Dave further strengthens our senior management team and brings with him a combination of both significant operational and project development experience gained over his 22 years with Newmont Mining. Dave most recently ran Newmont's African division, where he oversaw the successful development of the Akyem project which was delivered on time and on budget, as well as the operation of Ahafo mine.
We view this is a wonderful opportunity to strengthen our operational team, especially given the multiple organic growth initiatives currently underway at New Gold. As we are moving forward with the New Afton mill expansion, furthering our evaluation of the New Afton C-zone opportunity and progressing Rainy River quickly towards development, Dave's experience paid immediate dividends.
Dave will have responsibility for our four operating mines. He will also work closely with Bob Gallagher on the advancement of our exciting development projects.
Welcome, Dave. We are thrilled to have you.
Slide five provides a summary of the quarterly operating performance at each of our mines. New Afton and Peak both continued their excellent performance delivering increased production at lower all-in sustaining costs.
At Mesquite, production increased significantly relative to both the 2013 quarter and the second quarter as planned. Production in the fourth quarter is expected to move even higher, benefiting from a further 35% increase in ore tons placed on the pad at 10% higher grade than the third quarter relative to the second quarter.
Importantly, Mesquite's all-in sustaining cost should also come down meaningfully moving forward due to a combination of increased production and a return to more traditional sustaining capital levels.
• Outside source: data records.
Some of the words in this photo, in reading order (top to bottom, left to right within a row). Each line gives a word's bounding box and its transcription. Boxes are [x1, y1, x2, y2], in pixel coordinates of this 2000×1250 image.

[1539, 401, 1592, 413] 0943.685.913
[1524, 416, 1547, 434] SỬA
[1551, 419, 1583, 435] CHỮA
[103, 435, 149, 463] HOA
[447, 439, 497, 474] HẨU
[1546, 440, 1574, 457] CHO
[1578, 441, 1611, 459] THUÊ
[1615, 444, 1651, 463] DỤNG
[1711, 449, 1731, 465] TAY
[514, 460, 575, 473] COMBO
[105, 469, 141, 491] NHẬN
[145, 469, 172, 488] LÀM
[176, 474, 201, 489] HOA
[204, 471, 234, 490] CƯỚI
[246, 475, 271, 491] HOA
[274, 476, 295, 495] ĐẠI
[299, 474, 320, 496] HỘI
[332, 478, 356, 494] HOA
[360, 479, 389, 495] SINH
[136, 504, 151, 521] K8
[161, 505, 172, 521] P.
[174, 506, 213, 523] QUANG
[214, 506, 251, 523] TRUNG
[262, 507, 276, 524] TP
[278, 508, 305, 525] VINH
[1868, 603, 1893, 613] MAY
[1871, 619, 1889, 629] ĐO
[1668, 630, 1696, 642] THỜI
As noted in our second quarter results announcement, the majority of Mesquite's full-year sustaining capital was in the third quarter which resulted in abnormal quarterly all-in sustaining costs.
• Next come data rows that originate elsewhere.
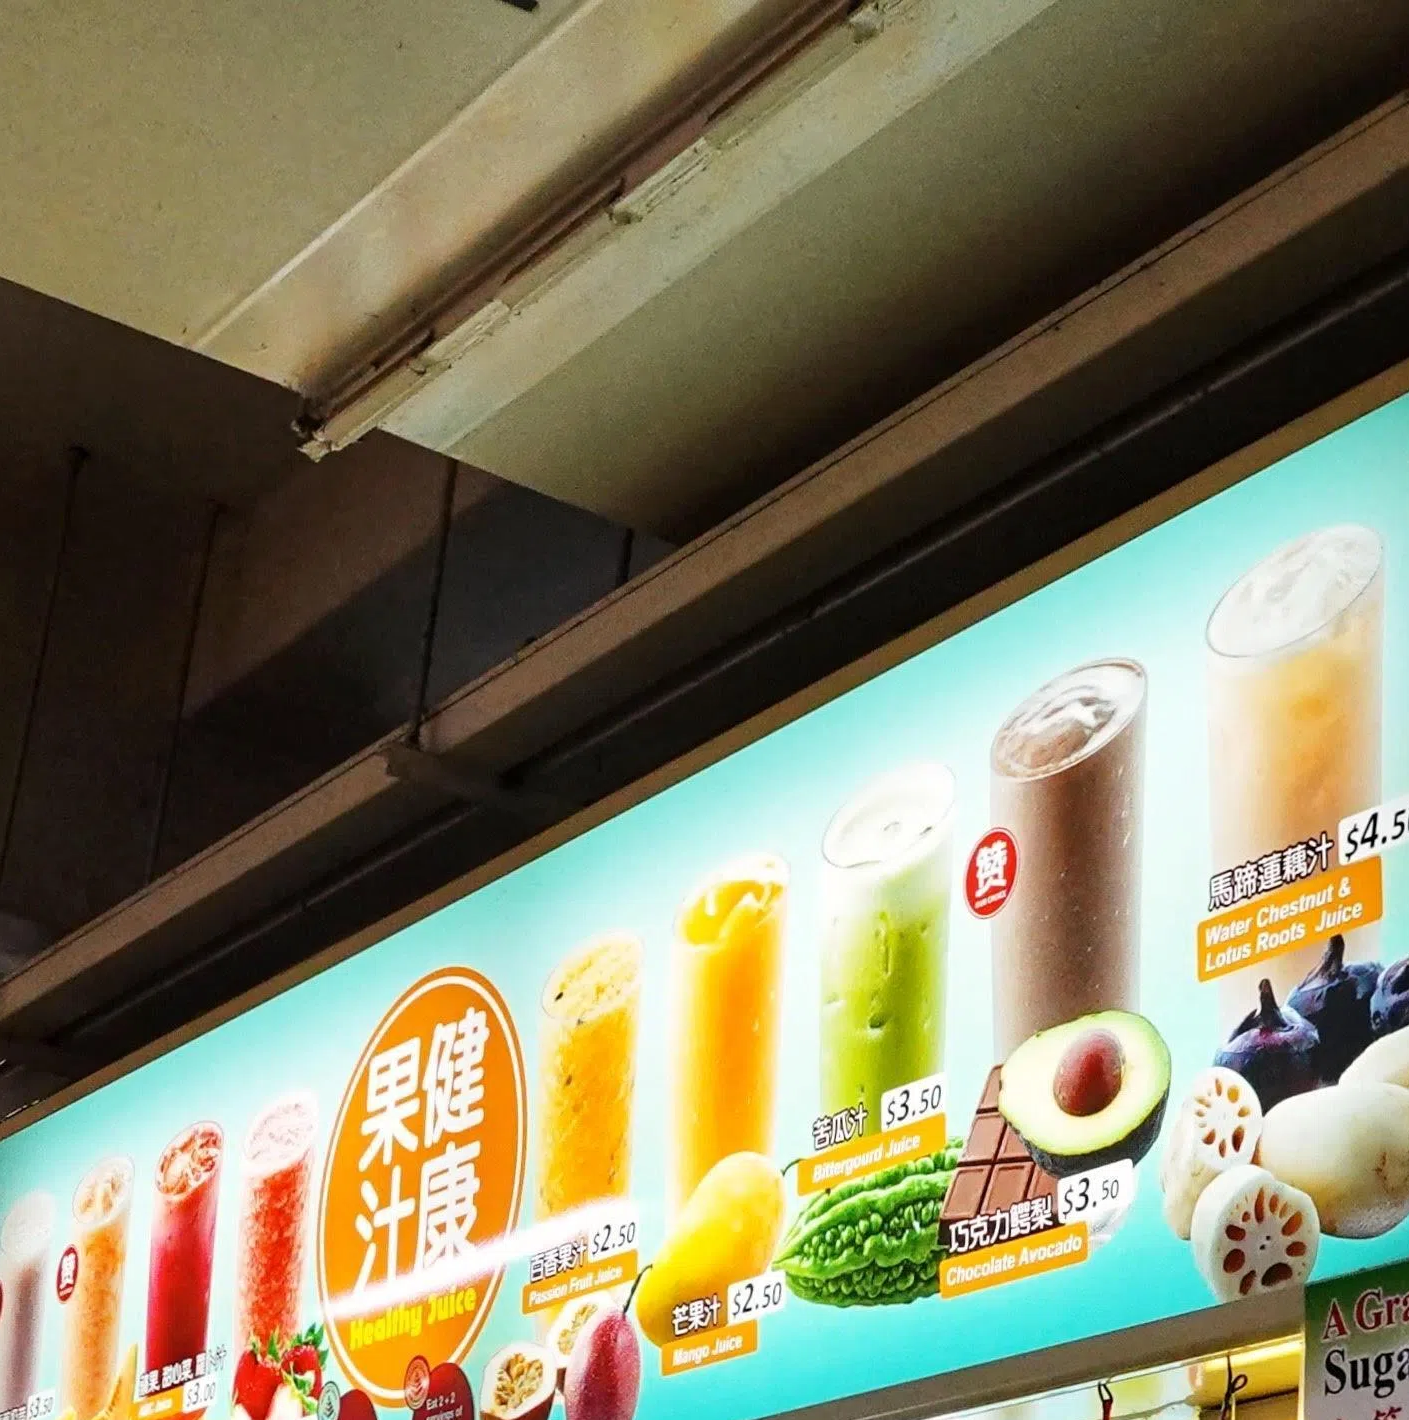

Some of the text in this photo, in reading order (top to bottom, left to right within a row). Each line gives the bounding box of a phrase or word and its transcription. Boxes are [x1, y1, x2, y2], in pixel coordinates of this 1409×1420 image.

[1204, 883, 1335, 948] Water Chestnut
[1204, 902, 1364, 973] Lotus Roots Juice
[812, 1103, 868, 1151] 苦瓜汁
[886, 1084, 942, 1128] $3.50
[886, 1132, 921, 1159] Juice
[530, 1236, 588, 1284] 百香果汁
[591, 1221, 636, 1256] $2.50
[946, 1233, 1083, 1287] Chocolate Avocado
[349, 1286, 477, 1351] Healthy Juice
[672, 1292, 722, 1337] 芒果汁
[732, 1282, 783, 1318] $2.50
[1323, 1299, 1349, 1340] A
[672, 1333, 744, 1367] Mango Juice
[186, 1381, 217, 1409] $3.00
Cerro San Pedro's production was below the prior-year quarter as anticipated due to the impact of the elevated stripping campaign through the early part of the third quarter. Similar to Mesquite, Cerro San Pedro saw a marked increase in both tons placed and grade in the third quarter relative to the second quarter.
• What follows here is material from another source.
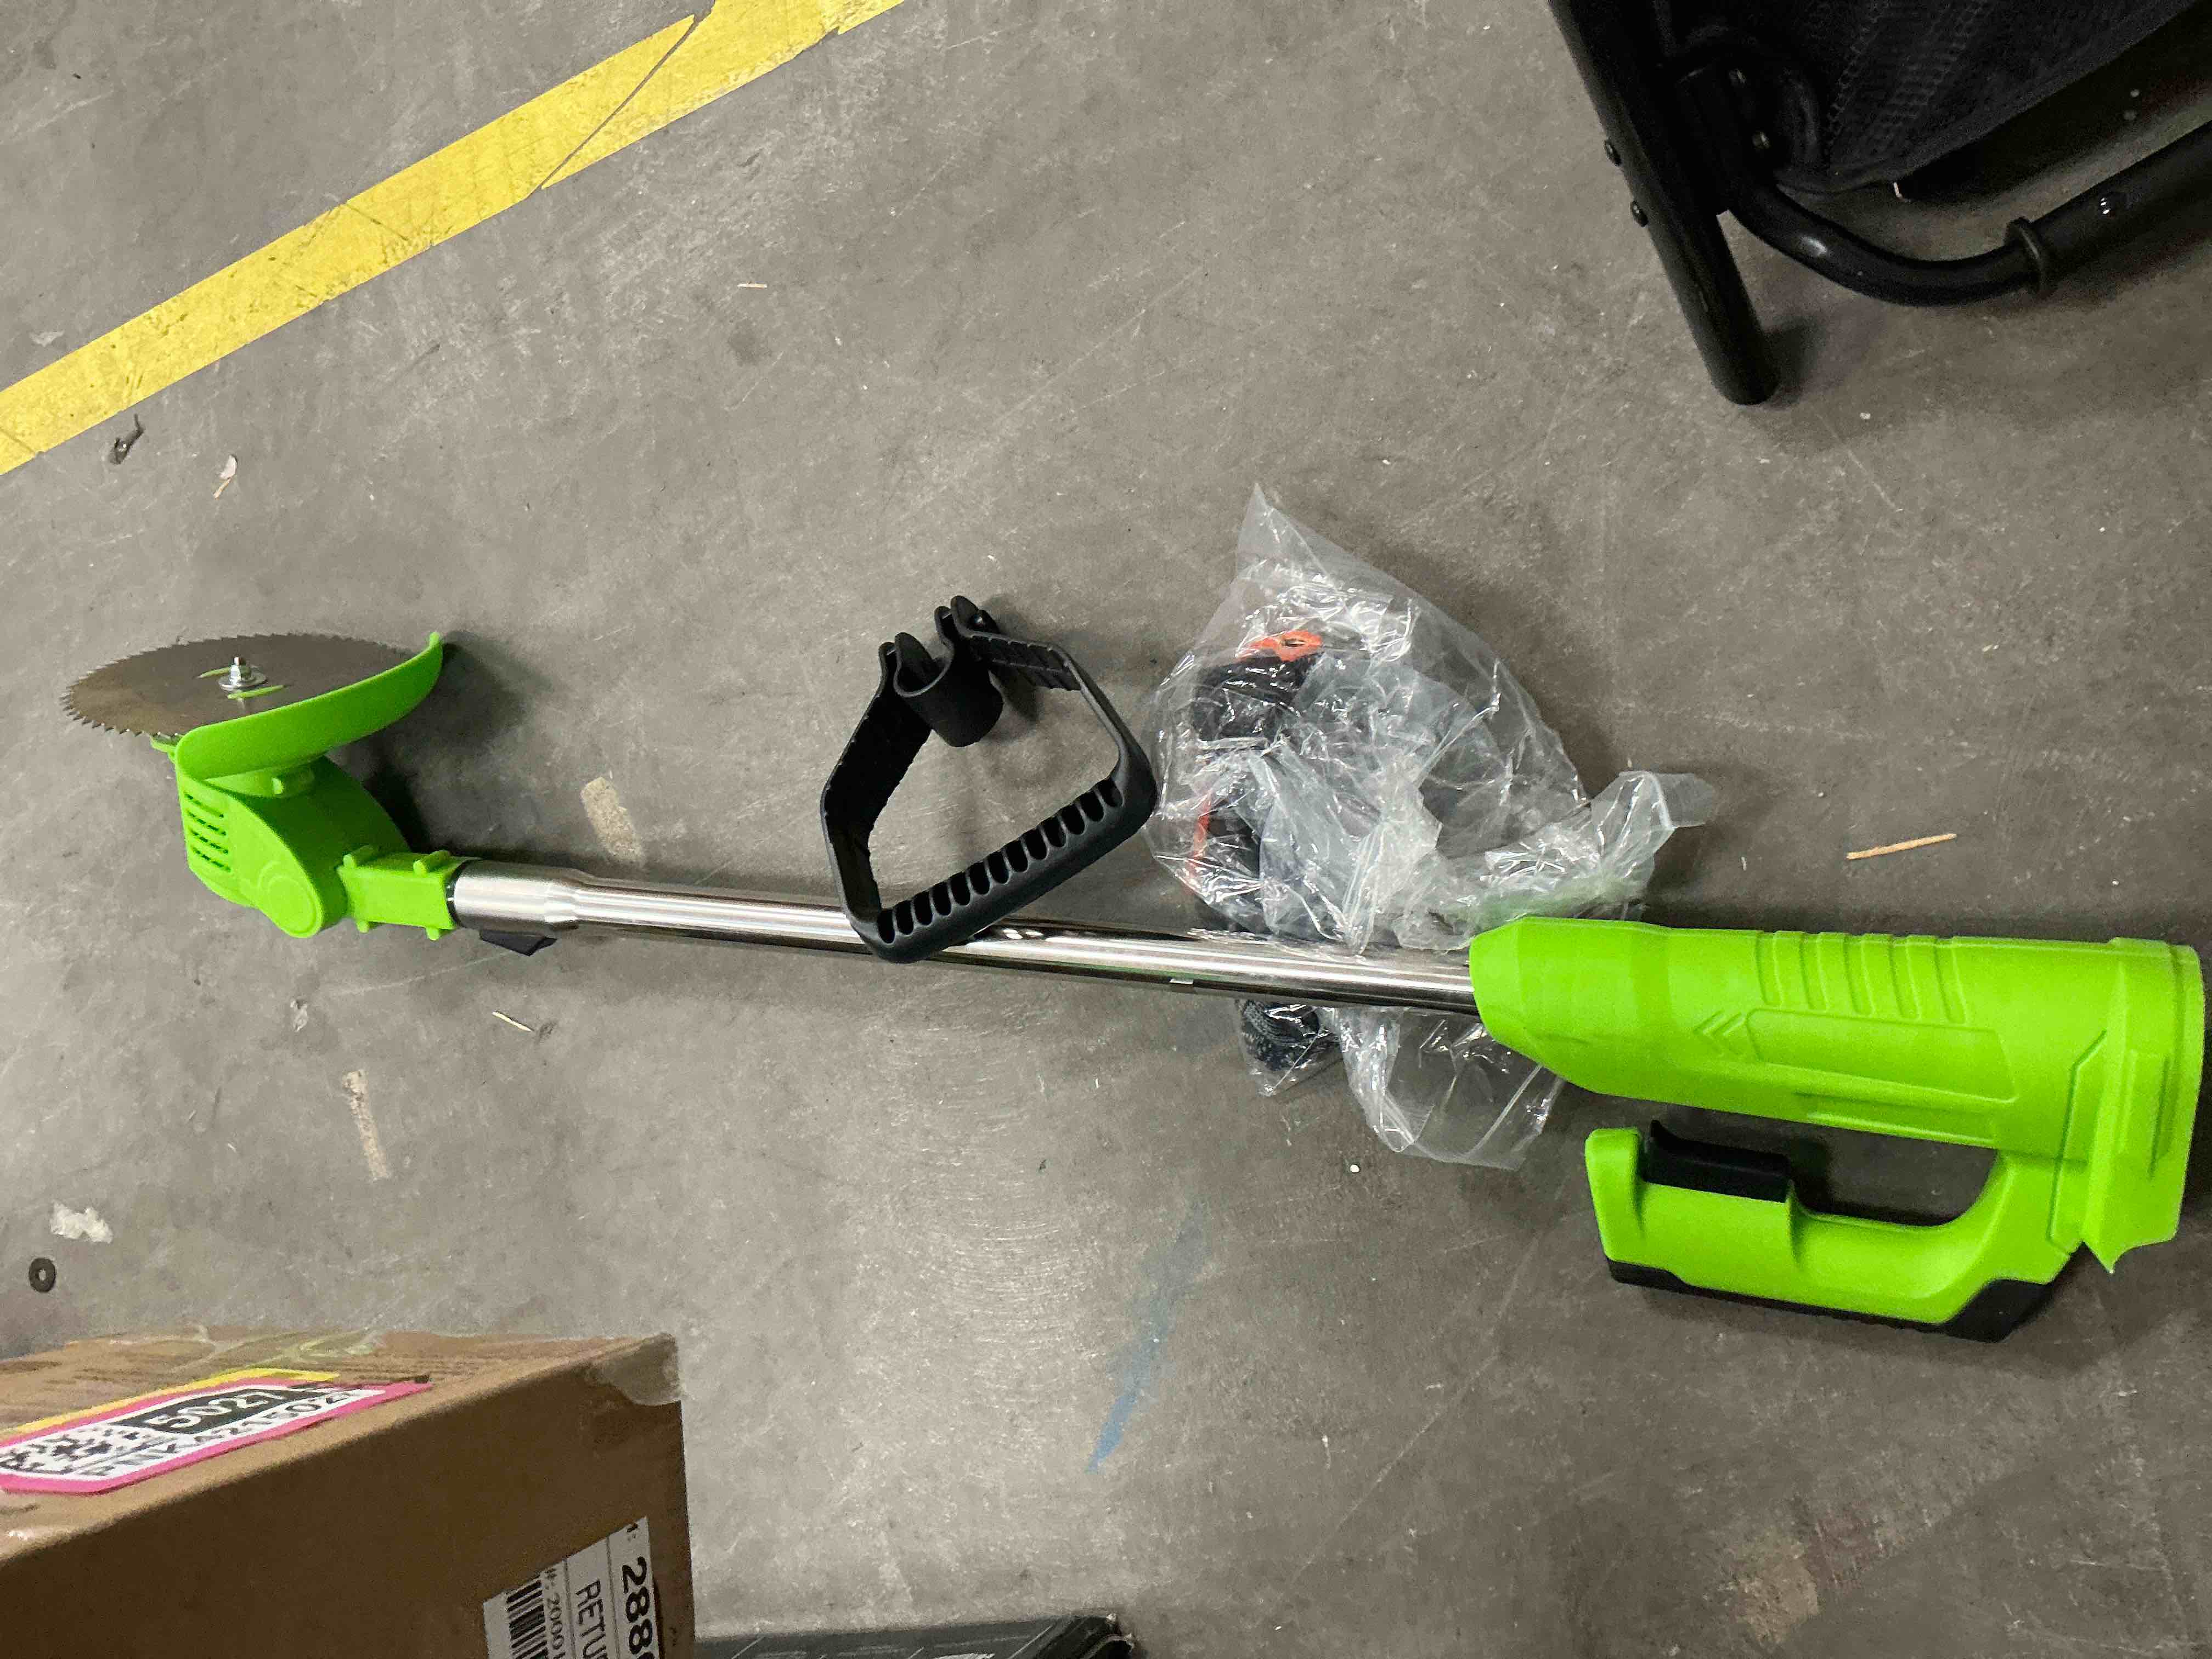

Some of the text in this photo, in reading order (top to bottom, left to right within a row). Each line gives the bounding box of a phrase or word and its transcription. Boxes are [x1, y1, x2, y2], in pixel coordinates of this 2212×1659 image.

It is now positioned for a strong fourth quarter. Cerro San Pedro's costs were also impacted as the mine's largely fixed operating cost base was attributed to a lower production base.
Based on performance through the first nine months of the year and on our fourth quarter plans, we are pleased to reiterate our consolidated guidance for the year of 380,000 to 420,000 ounces of gold production at all-in sustaining cost of $815 to $835 an ounce. That includes cash cost of $320 to $340 an ounce.
Slide six provides a summary of our financial results. Though our quarterly gold production remained consistent with the prior-year and copper production increased by 8%, our financial results were impacted by a few important factors.
Consistent with the broader industry, the prices of gold, silver and copper all decreased relative to the prior-year quarter. We were further affected by our sales volumes, which were below production due to the timing of those sales.
New Afton's quarterly gold sales were marked at the quarter-end gold price which was the lowest of the quarter. These impacts to revenue amounted to approximately $13 million.
As a result, our operating margin and adjusted net earnings were also affected. However, a combined $29 million decrease in operating, corporate administration and exploration expenses helped to partially offset the decrease in revenues, as well as an $11 million increase in non-cash depreciation.
The difference between our adjusted net earnings and reported net loss was primarily driven by the combination of a $48 million non-cash expense related to the increase in Chilean tax rate from 20% to 35% as well as a pretax foreign-exchange loss of $23 million, which was partially offset by $9 million pretax gain on the mark-to-market of the company's warrants. As a result of our operating performance and despite lower metal prices, New Gold's cash flow before working capital increased by 16% relative to the adjusted cash flow before working capital in the 2013 quarter.
The third quarter of 2013 cash flow was adjusted for $18 million non-recurring Rainy River related transaction expenses, whereas there were no adjustments in the current quarter. The increase in cash flow was driven by the previously mentioned decrease in expenditures and a $15 million decrease in cash taxes.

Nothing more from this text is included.